Open Cheque / Uncrossed Cheque
The cheque can be exchanged for cash at the drawer's bank account on which it is drawn.
8.
Pay to Bearer
Cheque, draft or other negotiable instrument transferable to the holder by delivery, without endorsement.
9.
Pay to Order
Negotiable instrument payable by endorsement and delivery.
10.
Cashier Order
Cheque drawn by a bank on itself authorizing payment of the amount shown to the payee.
11.
Bank Draft
Payment order in writing that instructs a second party, the drawee, to pay a specified sum to a third party.
12.
Demand Draft
Written order directing payment to be made, on sight, to a third party. Person writing the draft is the drawee, the bank making payment is the drawer, and the beneficiary is the payee.
13.
Night Depository
Bank vault for merchant deposits after banking hours.
14.
Easy-Pay-System (EPS)
Transferring cash directly from a customer's bank account to vendor at a cash check point.
B. Foreign Exchange
1.
Cross rate
When a domestic currency is not directly traded with another currency, it requires a third country's currency as a base to determine the exchange rate. The rate expressed in terms of a third currency is called the cross rate.
2.
Exchange rate
Conversion price for exchanging one currency for another.
3.
Spot rate
The rate quoted for on the spot delivery to meet immediate orders for purchase or sale of a currency at current market prices.
4.
Spread
Difference between the buying and selling rate for the foreign exchange concerned.
5.
Forward exchange contract
Agreement between two parties to exchange one currency for another at a forward or future date.
6.
Eurocurrency
Those other than the domestic currency of the country in which the bank taking the deposit or lending the funds is located.
7.
Mail transfer (M/T)
A payment order mailed by remitting bank to their correspondent bank to transfer an amount of currency to beneficiary.
8.
Telegraphic transfer (T/T)
A payment order sent through telegraphic wire by remitting bank to their correspondent bank to transfer an amount of currency to beneficiary.
9.
Travellers cheques
A cheque with an amount of currency issued by a financial institution sold to customer through its agent. The customer pays for the cheques in advance. He signs the cheques once when purchasing and counter signs when encashing.
10.
Remitting bank
A bank on behalf of its customer sends a payment order to their correspondent bank to transfer an amount of currency to beneficiary.
C. Loans
1.
Fixed rate loan
Loan with an interest rate that does not vary over the term of the loan.
2.
Floating rate loan
Loan carrying an interest rate that fluctuates according to changes in an INDEX rate. The rate paid by the borrower may rise or fall, depending on changes in prime rates.
3.
Hire purchase
A method of buying goods in which the purchaser takes possession of them as soon as he has paid an initial instalment of the price (a deposit) and obtains ownership of the goods when he has paid all the agreed number of subsequent instalments and exercises his option to purchase the goods.
4.
Mortgage loan
A loan whereby the borrower gives the lender a mortgage in exchange for the right to use the property while the mortgage is in effect, and agrees to make regular payments of principal and interest.
5.
Instalment loan
Loans granted by the bank to customer over a fixed period of time. Repayment schedule is usually fixed in amount and time.
6.
Secured loan
Loan that is collateralized by assignment of rights to property and a SECURITY INTEREST in personal property or real property taken by the lender.
7.
Unsecured loan
Loan granted on the strength of the borrower's credit history or reputation in the community, earnings potential, and other assets owned, even if unpledged, rather than a pledge of assets as COLLATERAL.
8.
Project finance
Lending (usually for a major capital or infra-structural project) which is structured so that the lenders rely on the income stream from the project (once it has been established) to pay interest on and repay the loan.
9.
Syndicated loan
Banks joint together to form syndicate to finance projects.
10.
Hong Kong inter-bank offered rate (HIBOR)
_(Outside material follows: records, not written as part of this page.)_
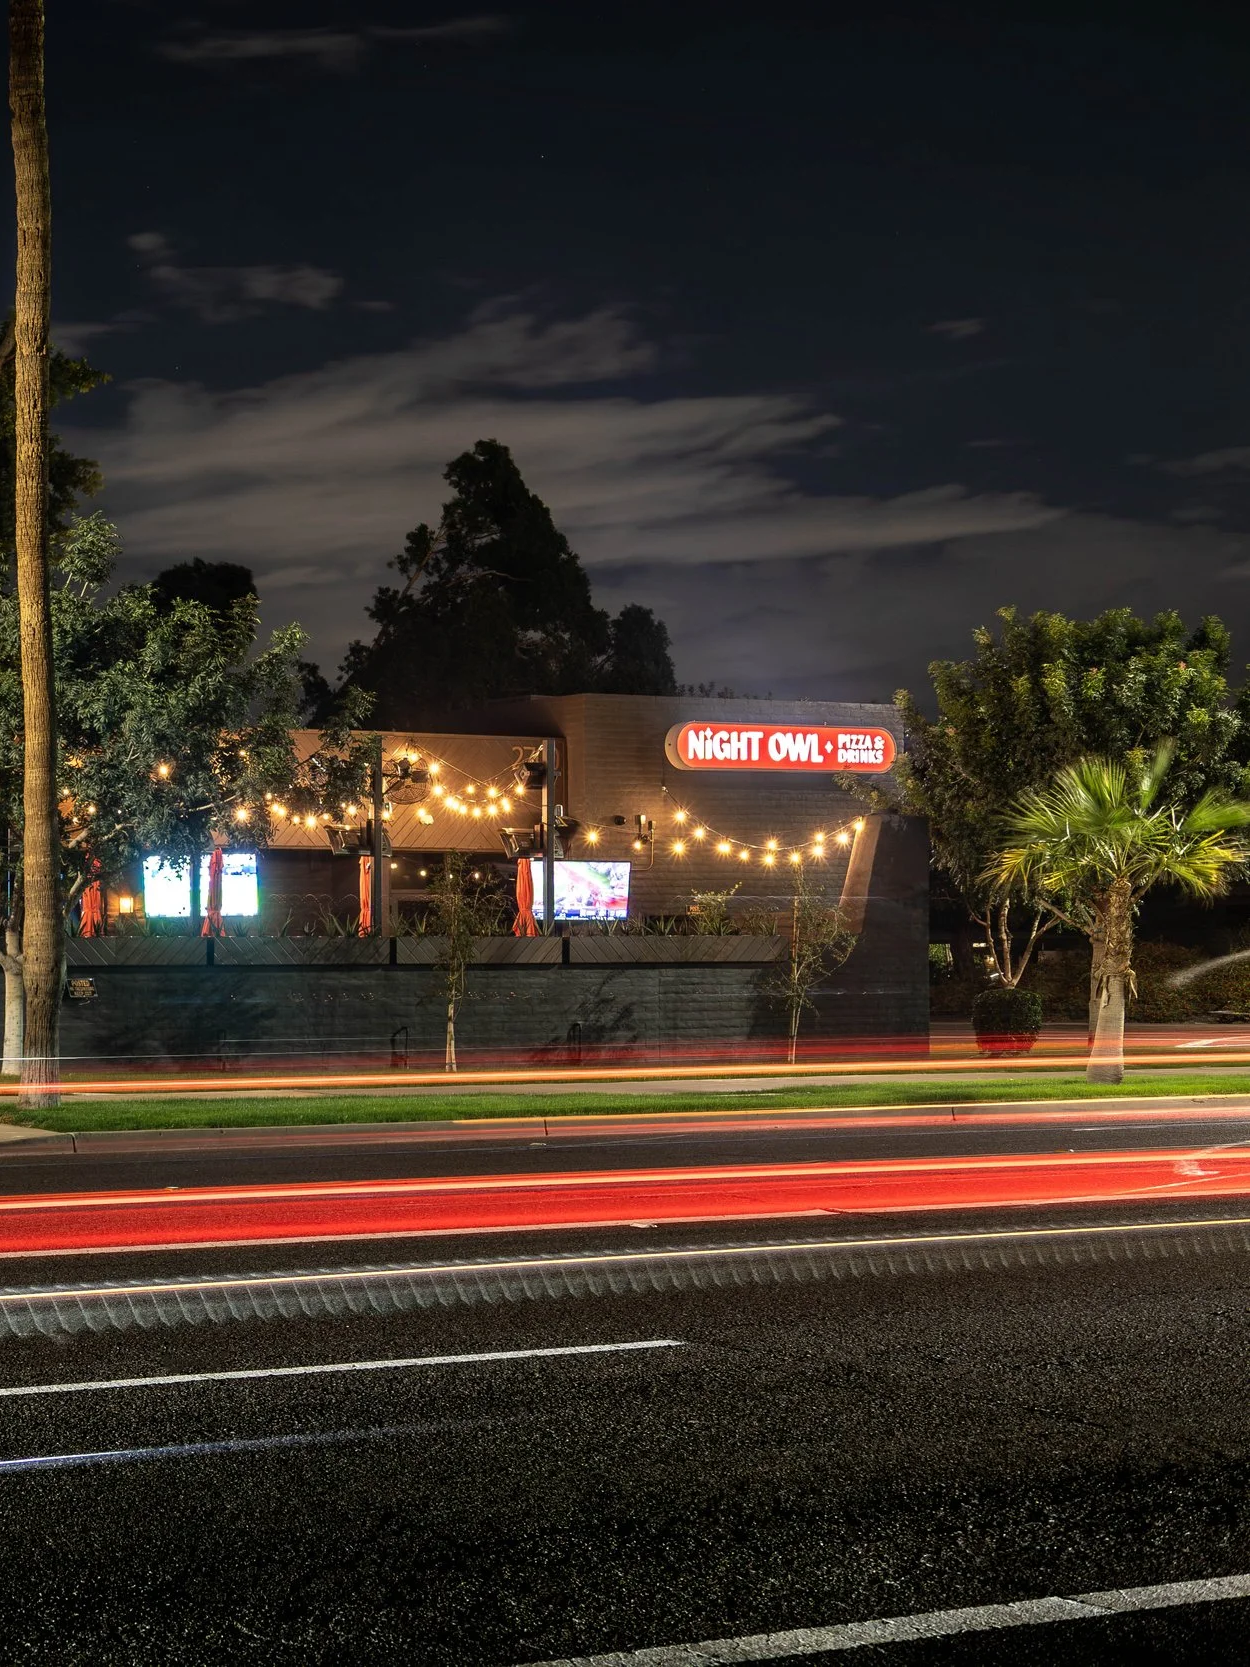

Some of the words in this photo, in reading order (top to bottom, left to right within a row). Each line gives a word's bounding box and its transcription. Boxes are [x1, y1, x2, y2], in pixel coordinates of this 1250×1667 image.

[768, 732, 823, 763] OWL
[837, 733, 872, 749] PIZZA
[874, 735, 885, 750] &
[837, 749, 884, 764] DRINKS
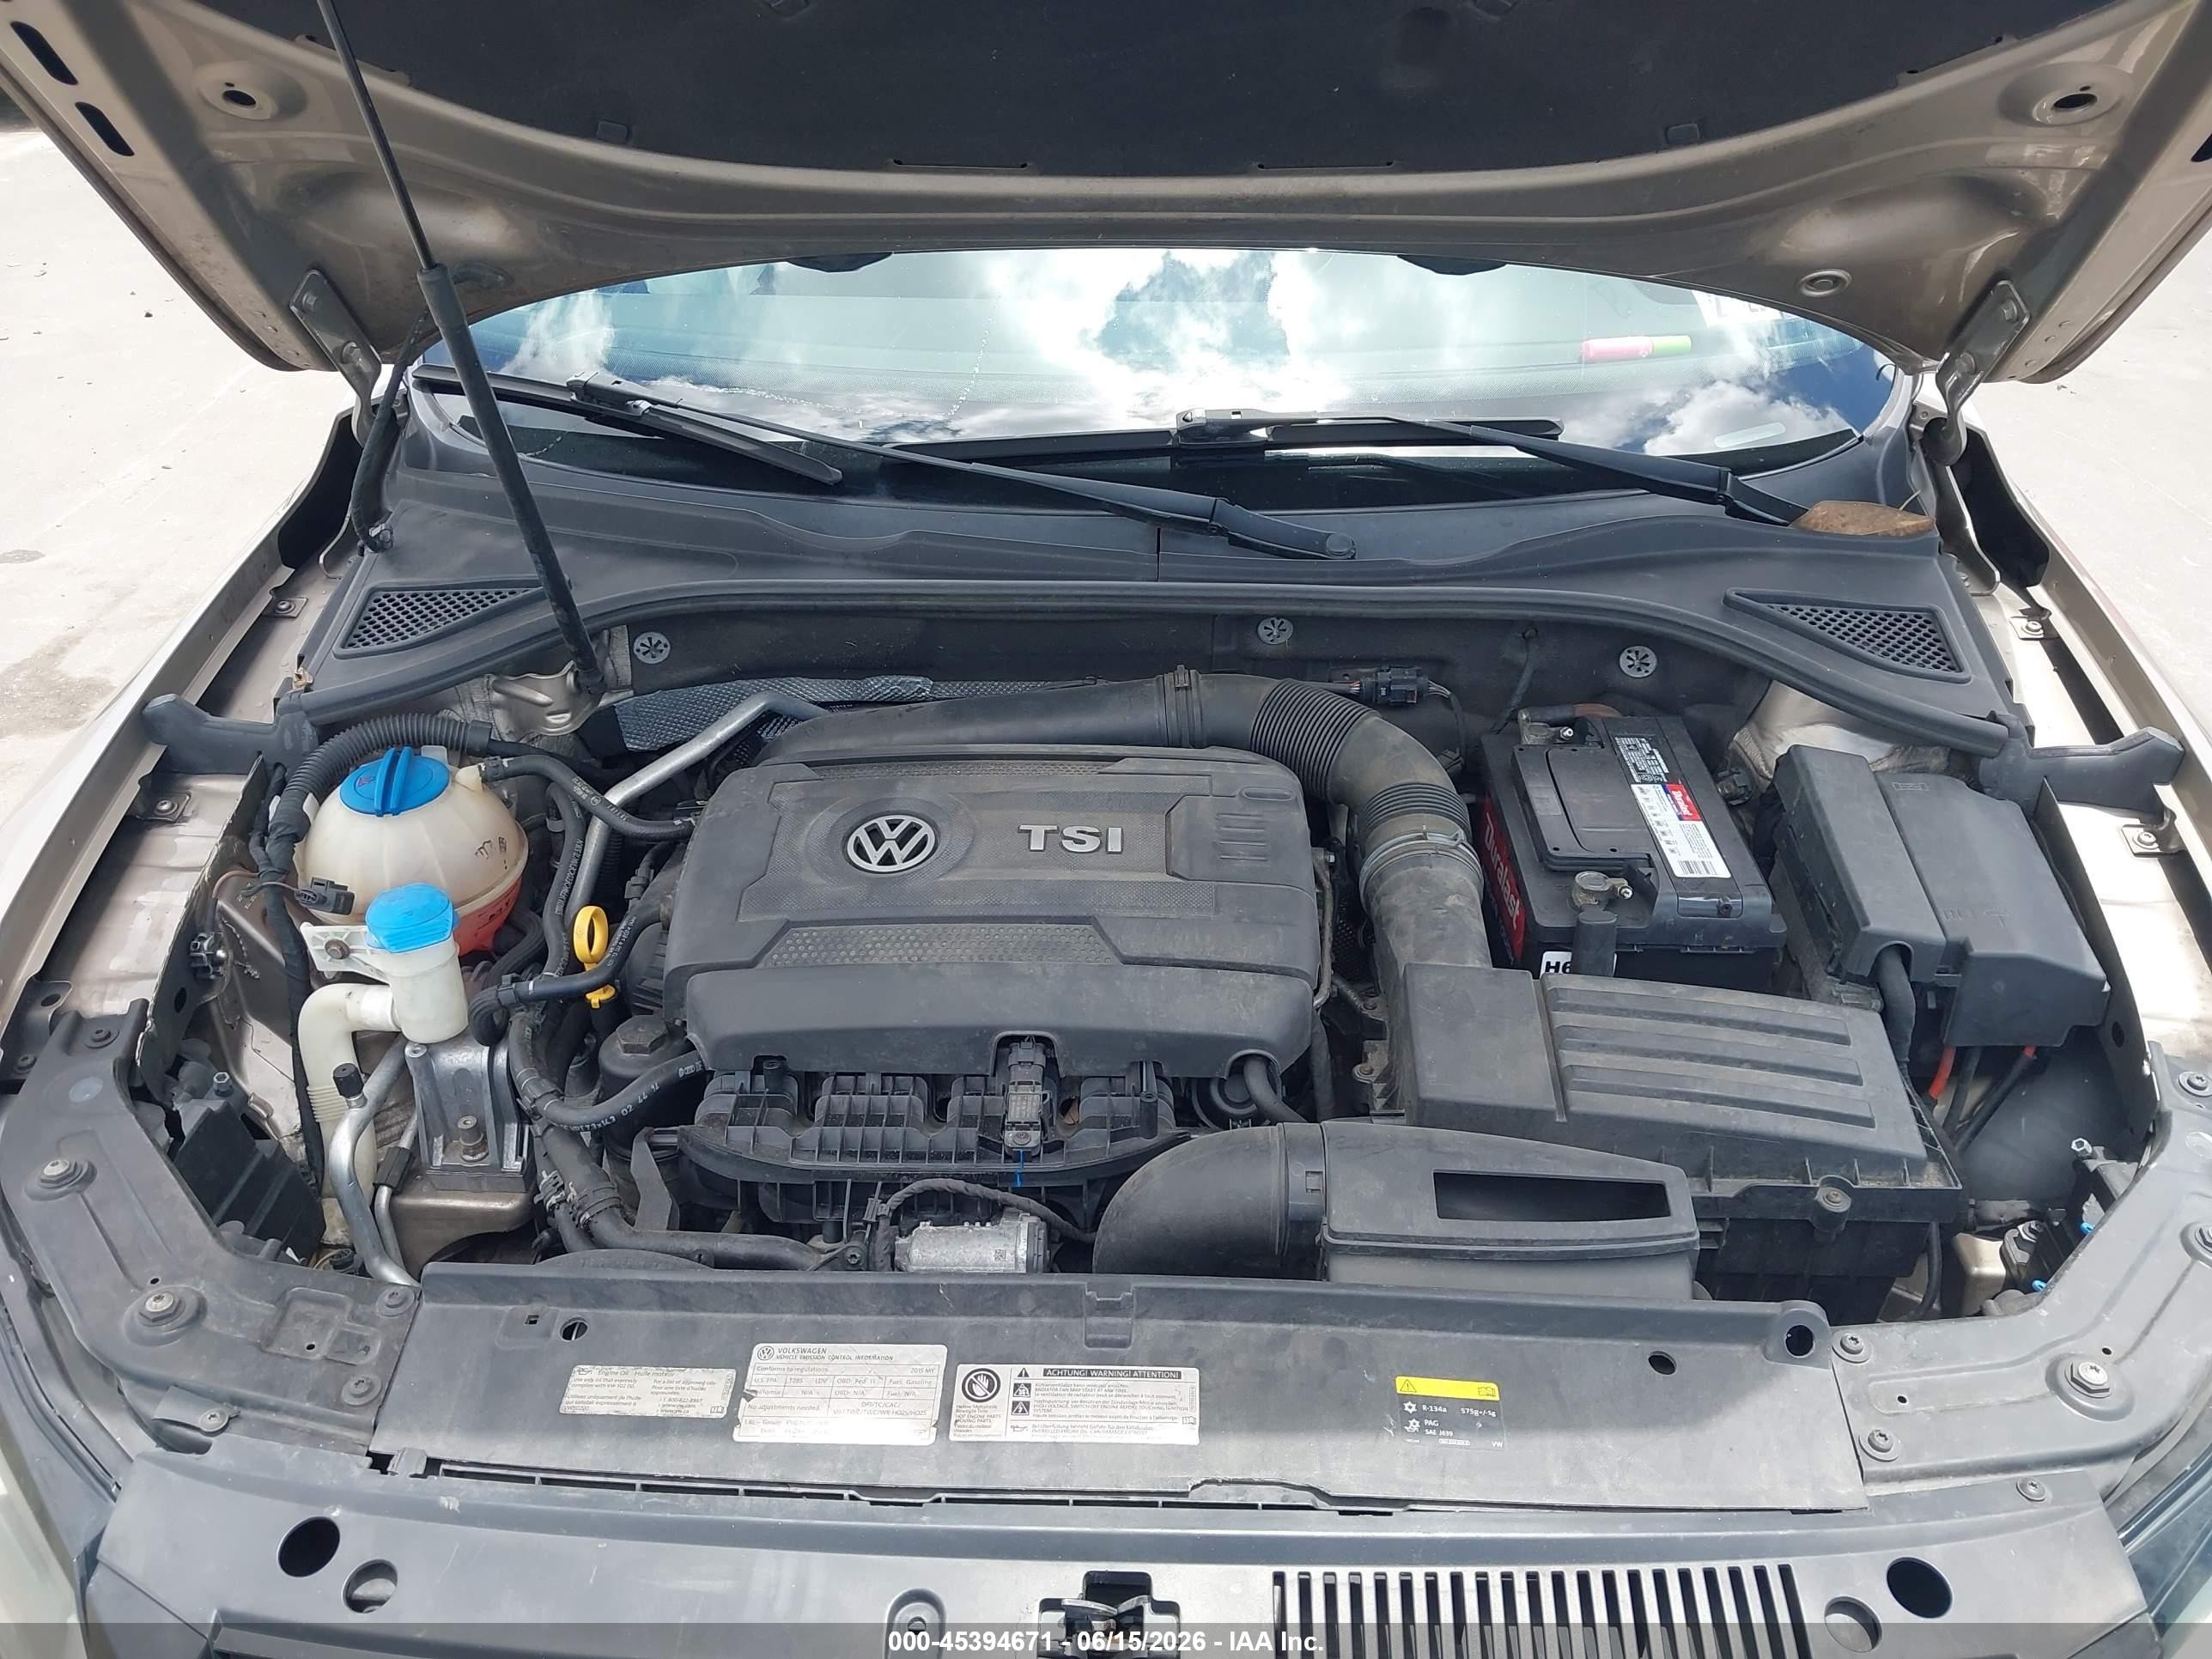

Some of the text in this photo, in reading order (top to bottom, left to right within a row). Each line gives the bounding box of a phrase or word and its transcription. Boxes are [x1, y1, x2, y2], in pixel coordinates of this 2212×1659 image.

Hong Kong inter-bank offered rate on Hong Kong dollar deposits traded between banks.
11.
London inter-bank offered rate (LIBOR)
London inter-bank offered rate on U.S. dollar deposits outside the United States traded between banks.
12.
Overdraft
Amount by which a check exceeds the AVAILABLE BALANCE in a checking account, i.e. the negative account balance that results when a depositor writes checks exceeding the account balance.
13.
Overdraft protection
Bank customer's personal credit line that advances funds to cover an OVERDRAFT. Overdraft protection allows the check to be honored by the drawee bank. The check writer avoids having to pay NOT SUFFICIENT FUNDS (NSF) charges when temporarily short of funds, but pays daily interest on the loan.
14.
Credit line
(a) Maximum amount of credit available in an open-end credit arrangement.
(b) Funds available to a borrower for a specified period.
15.
Prime rate
The interest rate which a lender is at any particular time extending to his most creditworthy customer.
16.
Spread
Percentage difference between interest rate charged on a bank loan and the lender's cost of funds.
17.
Guarantee services
Contractual agreement that the bank is to take the responsibility for payment of a debt or performance of some obligations if the person primarily liable fails to comply.
18.
Revolving loan
A revolving loan is a standby credit limit granted for a certain period of time on secured or unsecured basis. Borrower can withdraw any amount within the credit limit and select applicable interest period, provided that the outstanding amount in aggregate shall not exceed the credit limit.
D. Investment
1.
Dow Jones industrial average
Price-weighted average of 30 leading industrial stocks traded on the New York Stock Exchange.
2.
Hang Seng Index
A market indicator derived from the price movements of 42 major stocks traded on The Hong Kong Stock Exchange.
3.
Floating Rate Note
Negotiable instrument with an interest rate that is periodically reset, usually every 3-6 months and carry a fixed spread.
4.
Option
(a)
Contract granting the right to purchase or sell property, or assets during a specified period at an agreed upon price.
(b)
Means a contract giving certain rights to the grantee and creating obligations for the grantor under the terms and subject to the conditions specified by the relevant exchange or other market, which may be for physical delivery or cash settlement.
5.
Warrant
(a)
Short-term interest bearing note issued by a state or local government to pay debts, repayable from a defined income source.
(b)
Certificate giving the bearer the right to buy securities, gold, or other commodities at a stated price for a stated period or at any time in the future.
6.
Mutual Fund
Investment company that pools money from its shareholders in stocks, bonds, government securities and short-term money market instruments.
7.
Unit Trust
Trust funds held in unit form for the benefit of the unit-holders. The pool of funds may be invested in a variety of stocks, bonds or other financial instruments by fund manager.
8.
Futures contract
Negotiable contract to make or take delivery at an agreed price of a standardized amount of a commodity or financial instrument during a specific month. Futures contracts are often used as a hedging device against interest rate or price risk.
9.
Hedging
Financial technique to offset the risk of loss from price fluctuations in the market.
10.
Nominee
Person holding securities or other assets on behalf of the beneficial owner.